Xu-G; Hughes-Oliver-JM; Brooks-JD; Baynes-RE
SAR QSAR Environ Res 2013 Sep; 24(9):711-731
Quantitative structure-activity relationship (QSAR) models have been widely used to study the permeability of chemicals or solutes through skin. Among the various QSAR models, Abraham's linear free-energy relationship (LFER) model is often employed. However, when the experimental conditions are complex, it is not always appropriate to use Abraham's LFER model with a single set of regression coefficients. In this paper, we propose an expanded model in which one set of partial slopes is defined for each experimental condition, where conditions are defined according to solvent: water, synthetic oil, semi-synthetic oil, or soluble oil.
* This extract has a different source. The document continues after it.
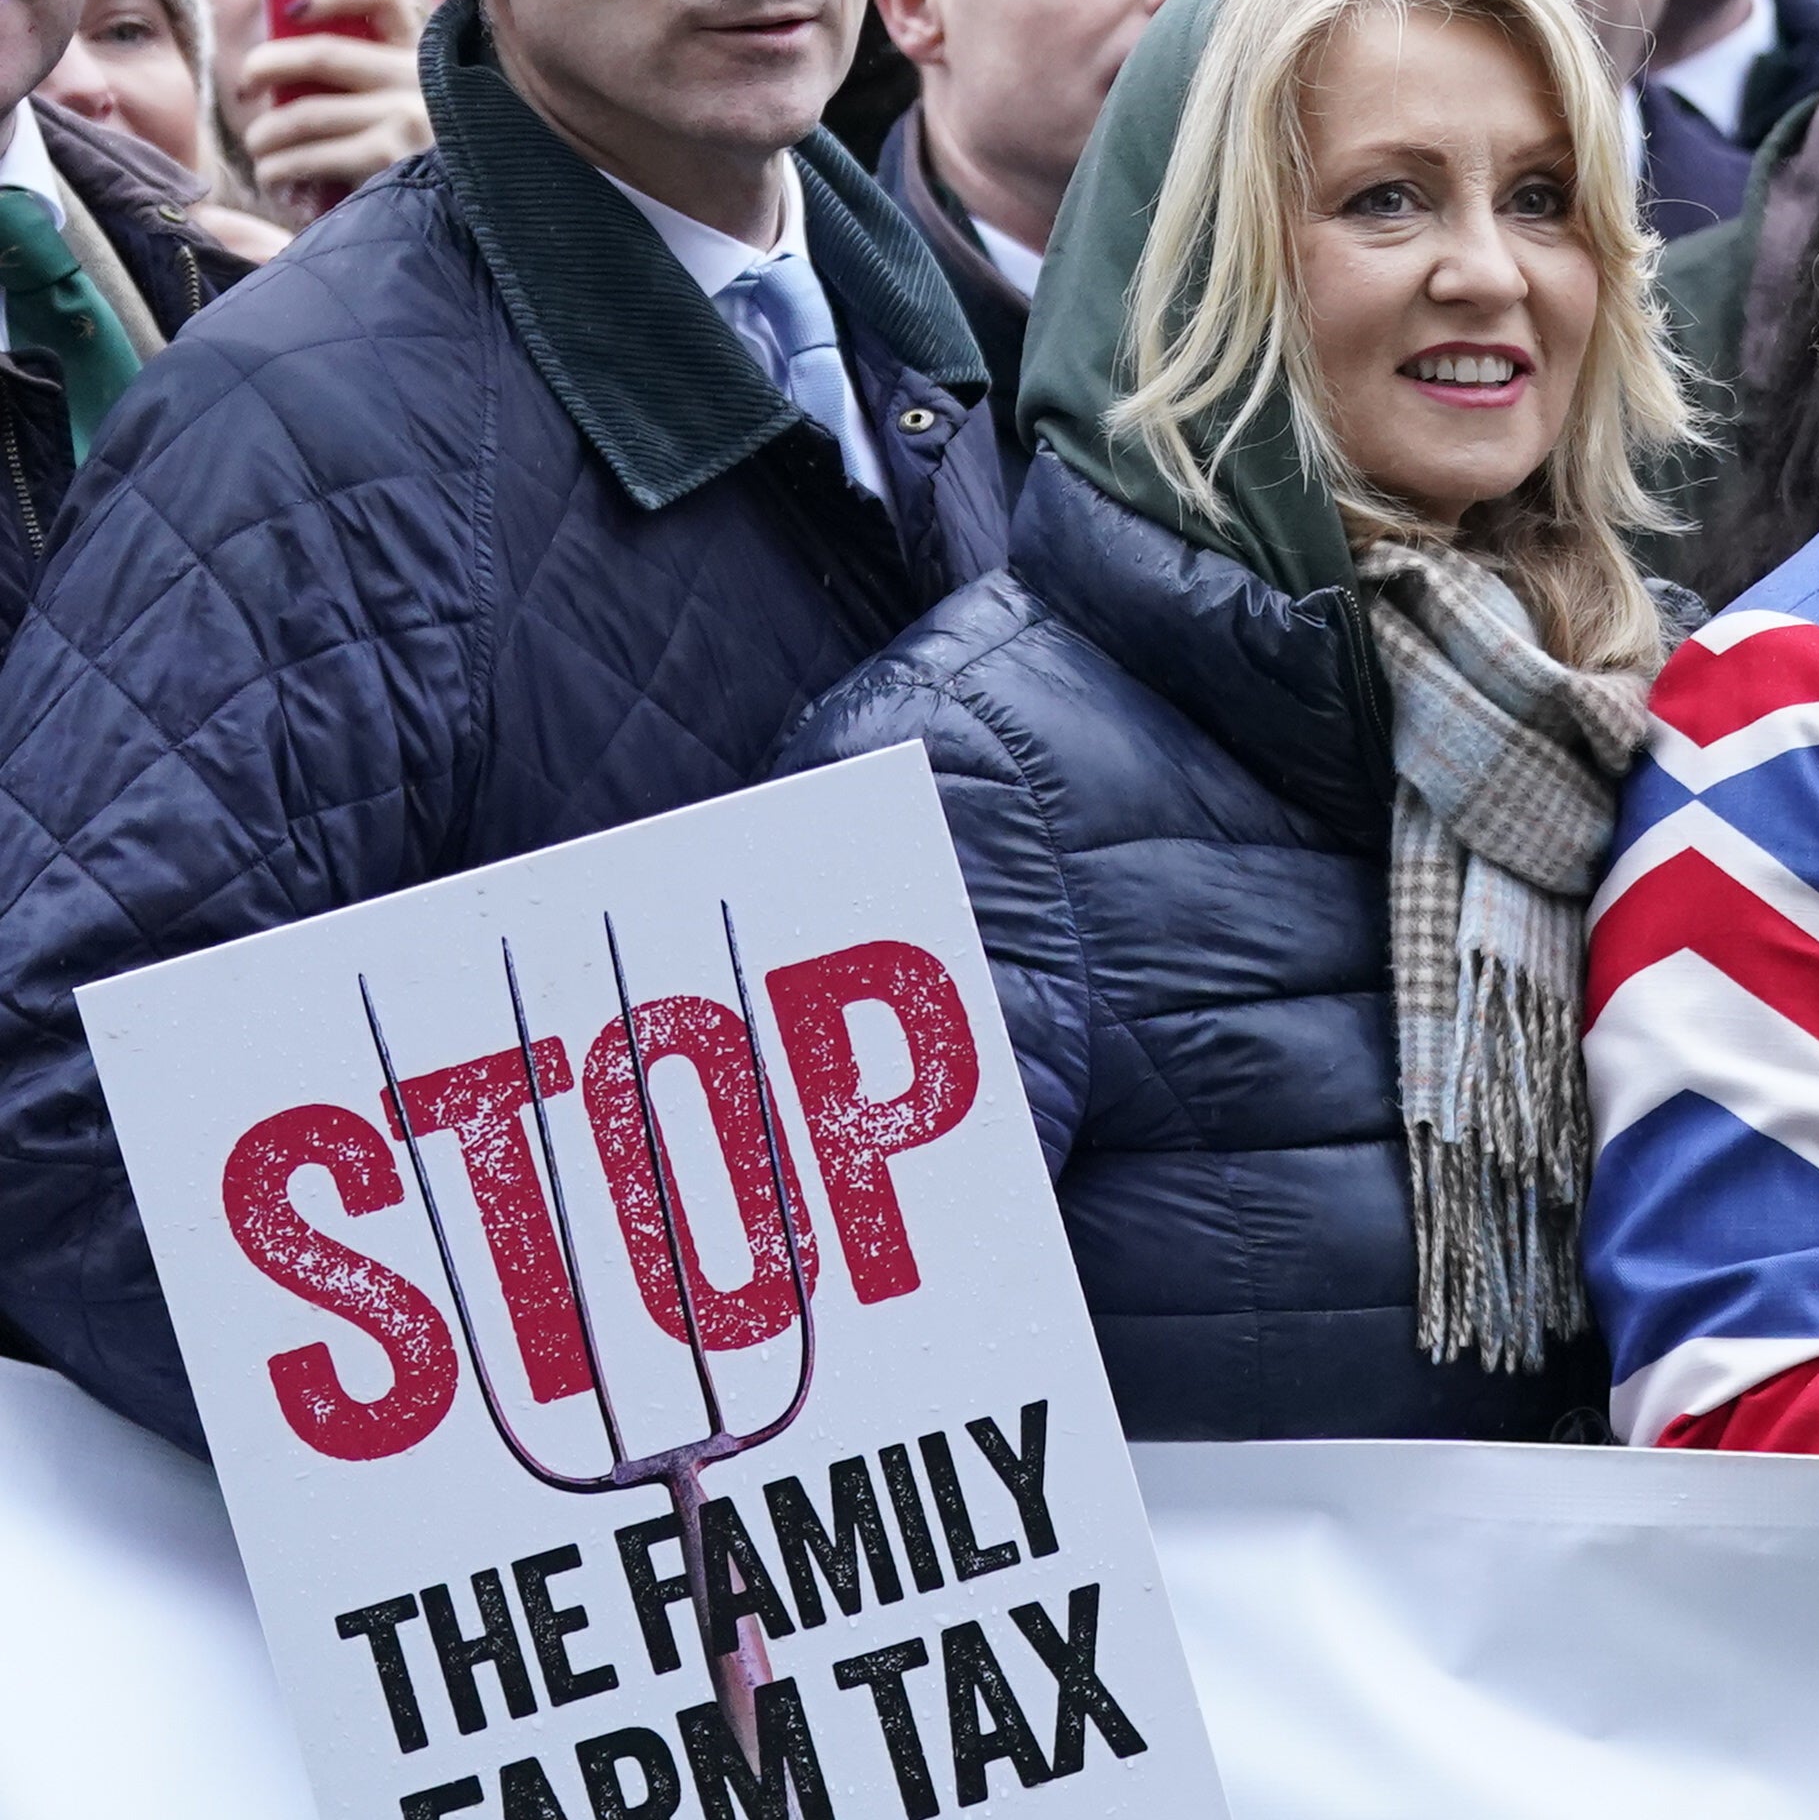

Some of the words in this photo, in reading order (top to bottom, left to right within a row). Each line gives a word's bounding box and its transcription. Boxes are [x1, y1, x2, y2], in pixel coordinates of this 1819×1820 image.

This model not only accounts for experimental conditions but also improves the ability to conduct rigorous hypothesis testing. To more adequately evaluate the predictive power of the QSAR model, we modified the usual leave-one-out internal validation strategy to employ a leave-one-solute-out strategy and accordingly adjust the Q(2) LOO statistic. Skin permeability was shown to have the rank order: water > synthetic > semi-synthetic > soluble oil. In addition, fitted relationships between permeability and solute characteristics differ according to solvents. We demonstrated that the expanded model (r(2) = 0.70) improved both the model fit and the predictive power when compared with the simple model (r(2) = 0.21).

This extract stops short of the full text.